◆ **EXTRACTED ENTRIES**:

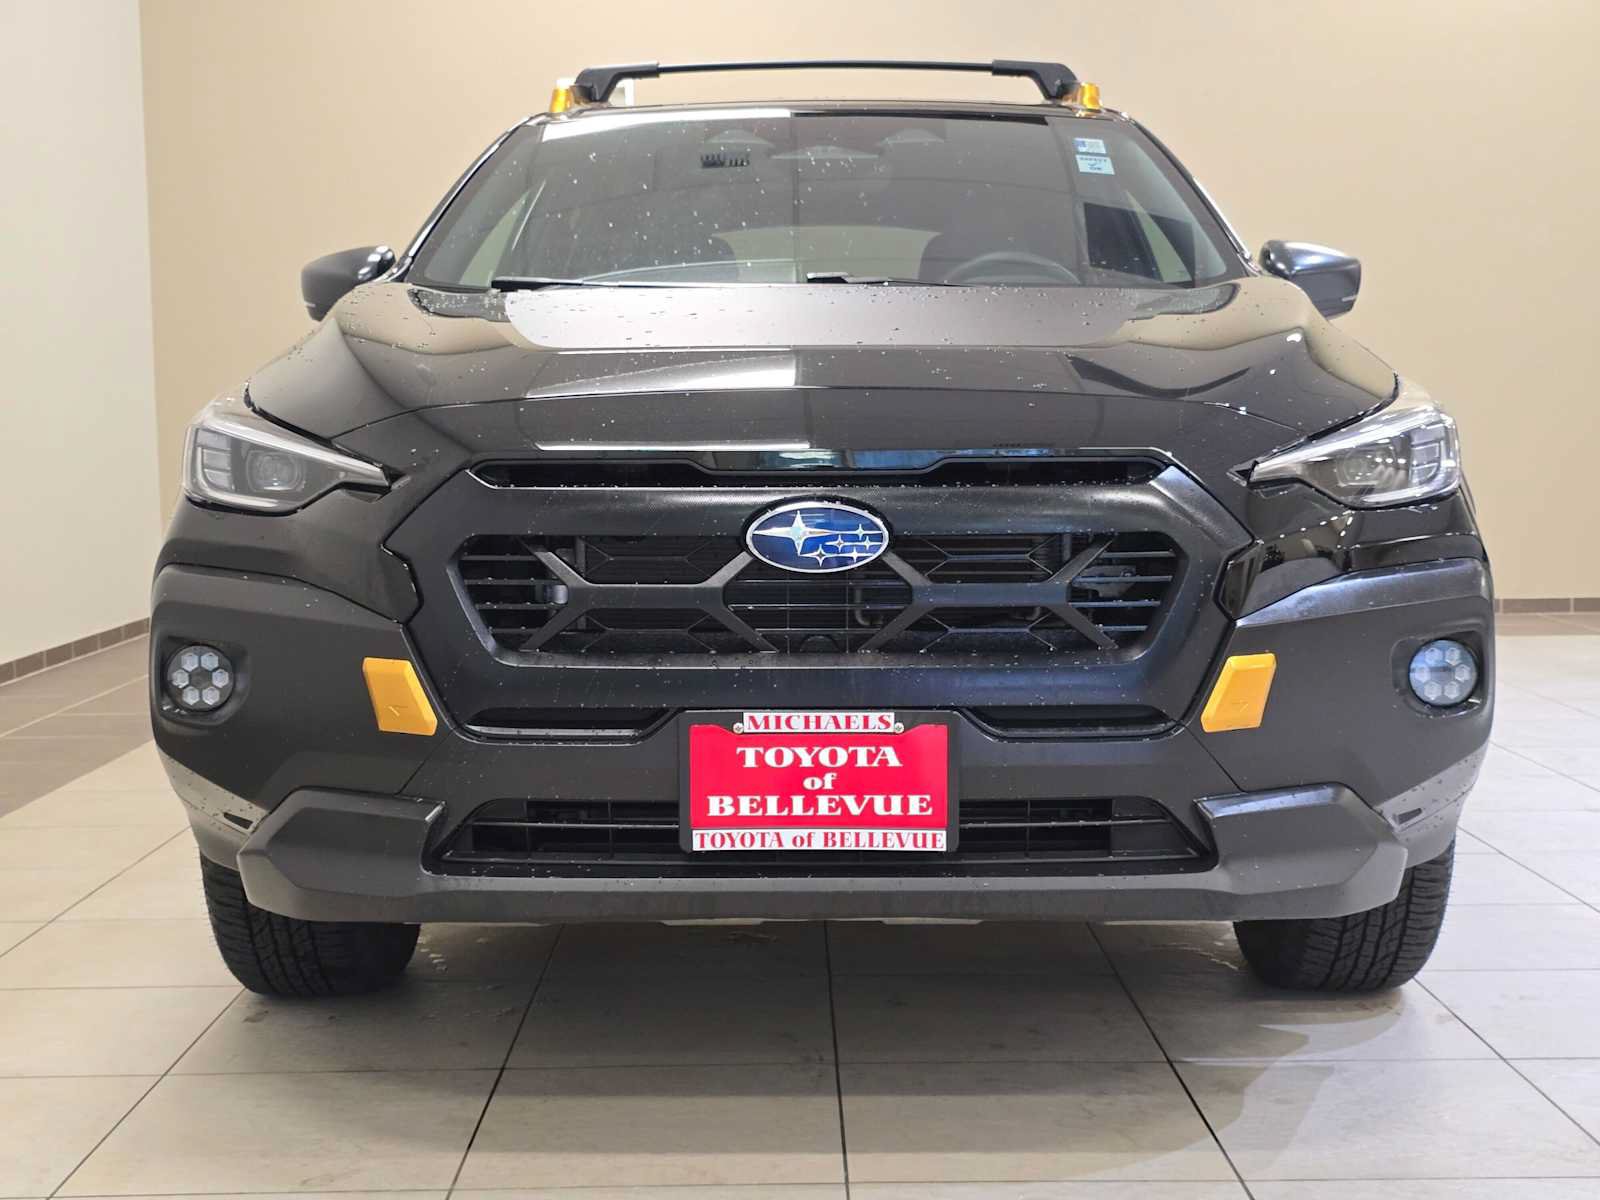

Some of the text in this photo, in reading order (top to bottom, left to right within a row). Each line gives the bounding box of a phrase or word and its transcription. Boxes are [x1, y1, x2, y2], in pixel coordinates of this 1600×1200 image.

[747, 714, 892, 730] MICHAELS
[736, 746, 903, 768] TOYOTA
[802, 771, 837, 791] of
[707, 795, 932, 816] BELLEVUE
[695, 831, 944, 849] TOYOTA of BELLEVUE

◆ **WHAT YOU SHOULD DO**:
None of the pictures should appear; copy the rest of the material above exactly.

◆ **ANSWER SECTION**:
Some of the text in this photo, in reading order (top to bottom, left to right within a row). Each line gives the bounding box of a phrase or word and its transcription. Boxes are [x1, y1, x2, y2], in pixel coordinates of this 1600×1200 image.

[747, 714, 892, 730] MICHAELS
[736, 746, 903, 768] TOYOTA
[802, 771, 837, 791] of
[707, 795, 932, 816] BELLEVUE
[695, 831, 944, 849] TOYOTA of BELLEVUE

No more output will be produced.